Saved entries
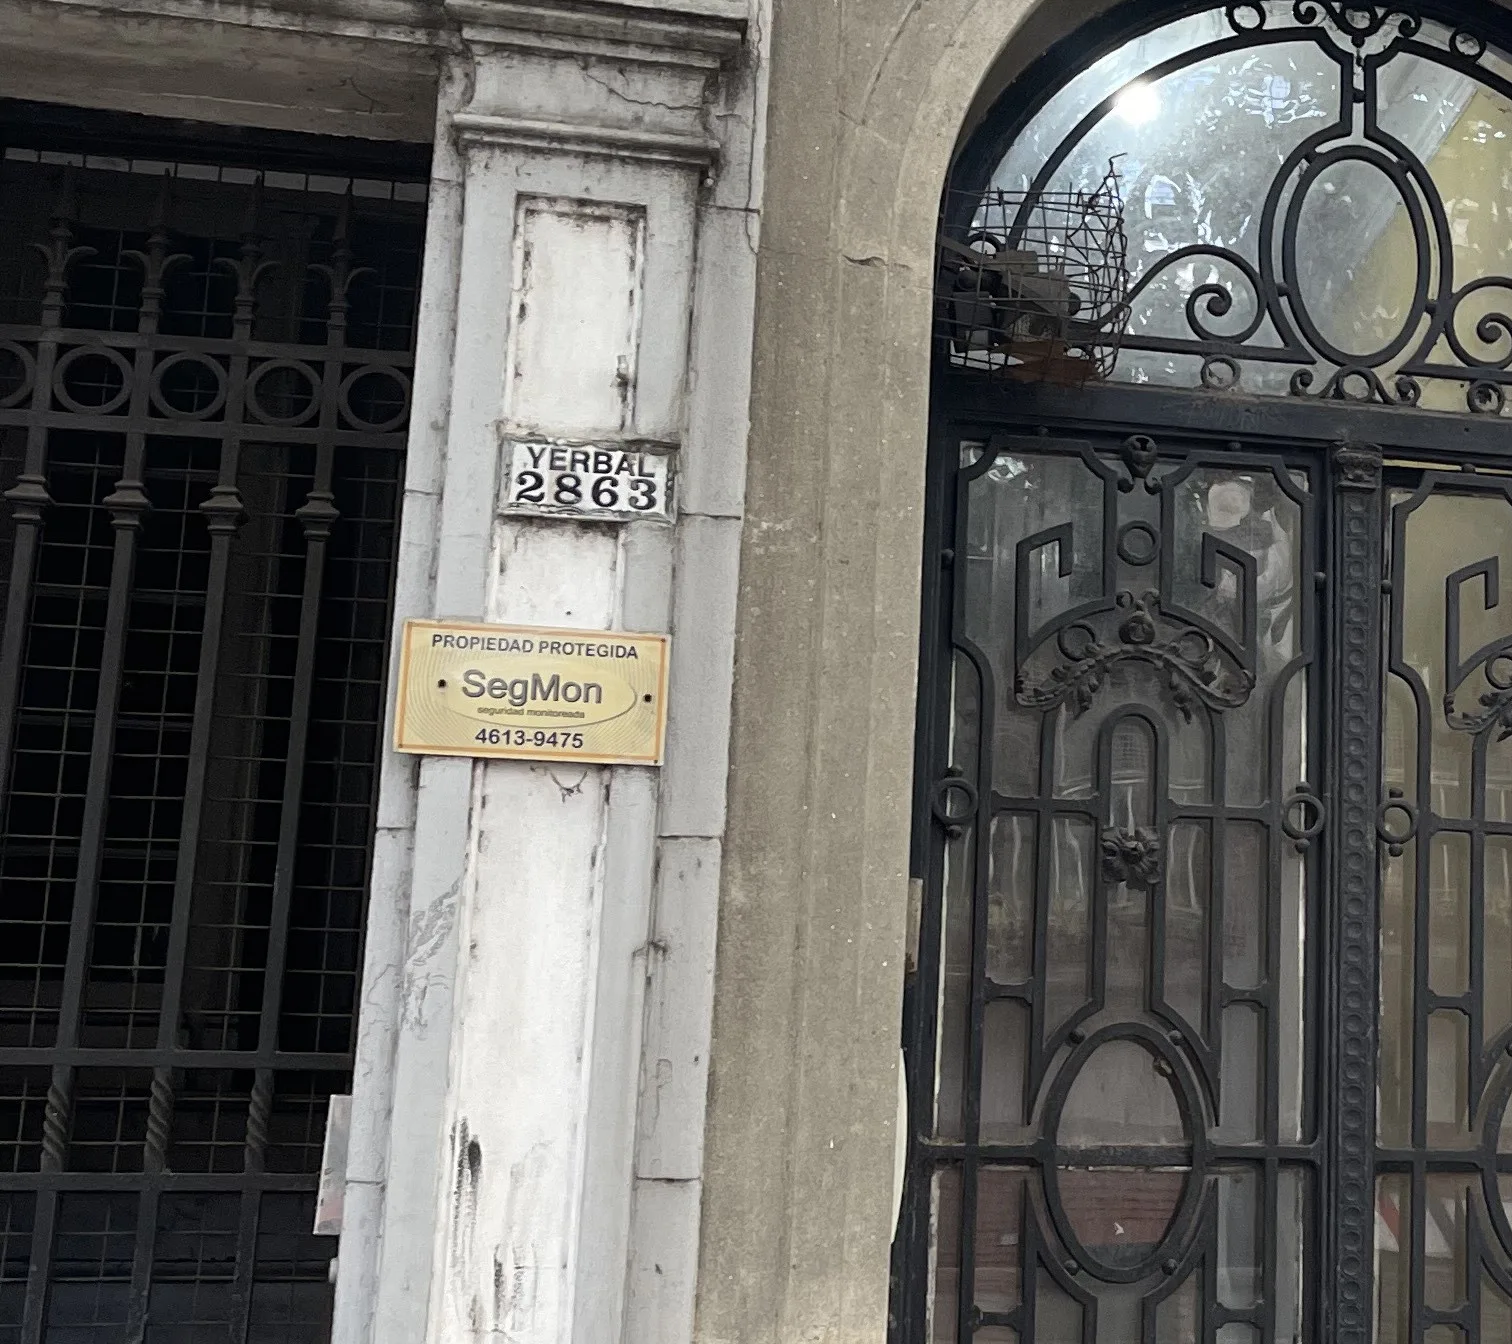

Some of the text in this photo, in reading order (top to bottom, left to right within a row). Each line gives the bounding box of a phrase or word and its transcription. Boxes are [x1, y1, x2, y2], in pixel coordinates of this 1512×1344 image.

[527, 446, 656, 478] YERBAL
[515, 470, 658, 511] 2863
[431, 633, 639, 660] PROPIEDAD PROTEGIDA
[461, 668, 603, 707] SegMon
[477, 706, 525, 716] seguridad
[474, 728, 584, 749] 4613-9475

[Work item] Could you copy every record above exactly, leaving out the pictures?

[The answer]
Some of the text in this photo, in reading order (top to bottom, left to right within a row). Each line gives the bounding box of a phrase or word and its transcription. Boxes are [x1, y1, x2, y2], in pixel coordinates of this 1512×1344 image.

[527, 446, 656, 478] YERBAL
[515, 470, 658, 511] 2863
[431, 633, 639, 660] PROPIEDAD PROTEGIDA
[461, 668, 603, 707] SegMon
[477, 706, 525, 716] seguridad
[474, 728, 584, 749] 4613-9475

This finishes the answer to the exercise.